Stored data
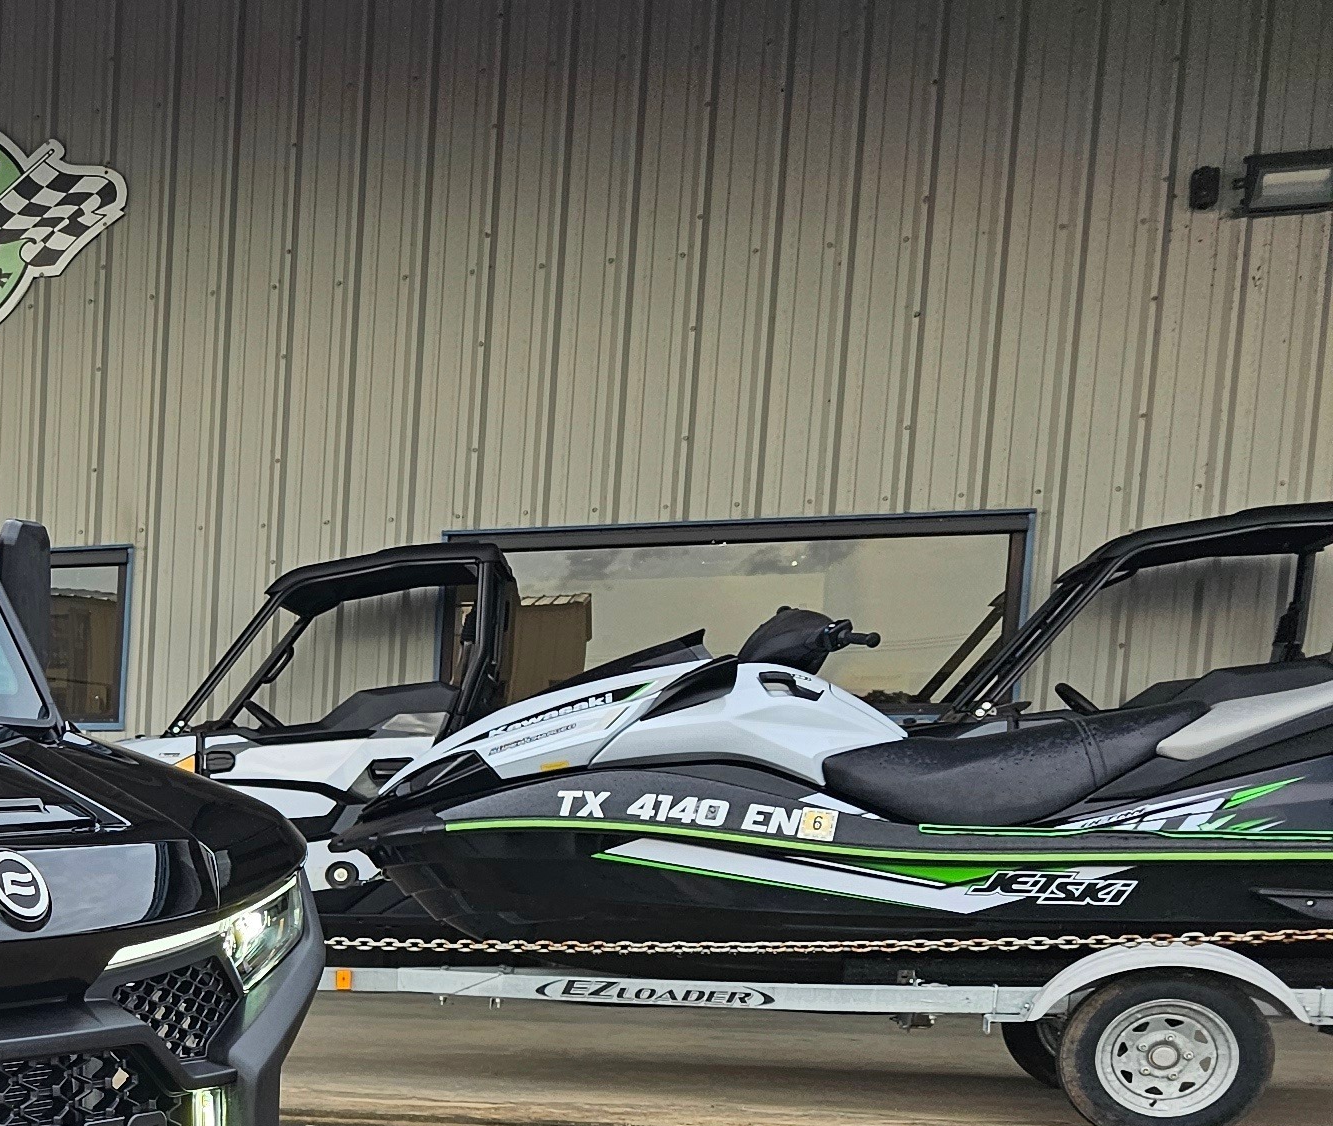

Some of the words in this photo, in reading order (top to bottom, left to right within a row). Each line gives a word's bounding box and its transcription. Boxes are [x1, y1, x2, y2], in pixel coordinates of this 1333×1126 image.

[488, 692, 614, 739] Kawasaki
[556, 790, 611, 818] TX
[626, 793, 731, 827] 4140
[740, 803, 804, 836] EN
[812, 815, 824, 831] 6

Assignment
Without copying any images, transcribe the records exactly as they stand.

Problem solution
Some of the words in this photo, in reading order (top to bottom, left to right within a row). Each line gives a word's bounding box and its transcription. Boxes are [x1, y1, x2, y2], in pixel coordinates of this 1333×1126 image.

[488, 692, 614, 739] Kawasaki
[556, 790, 611, 818] TX
[626, 793, 731, 827] 4140
[740, 803, 804, 836] EN
[812, 815, 824, 831] 6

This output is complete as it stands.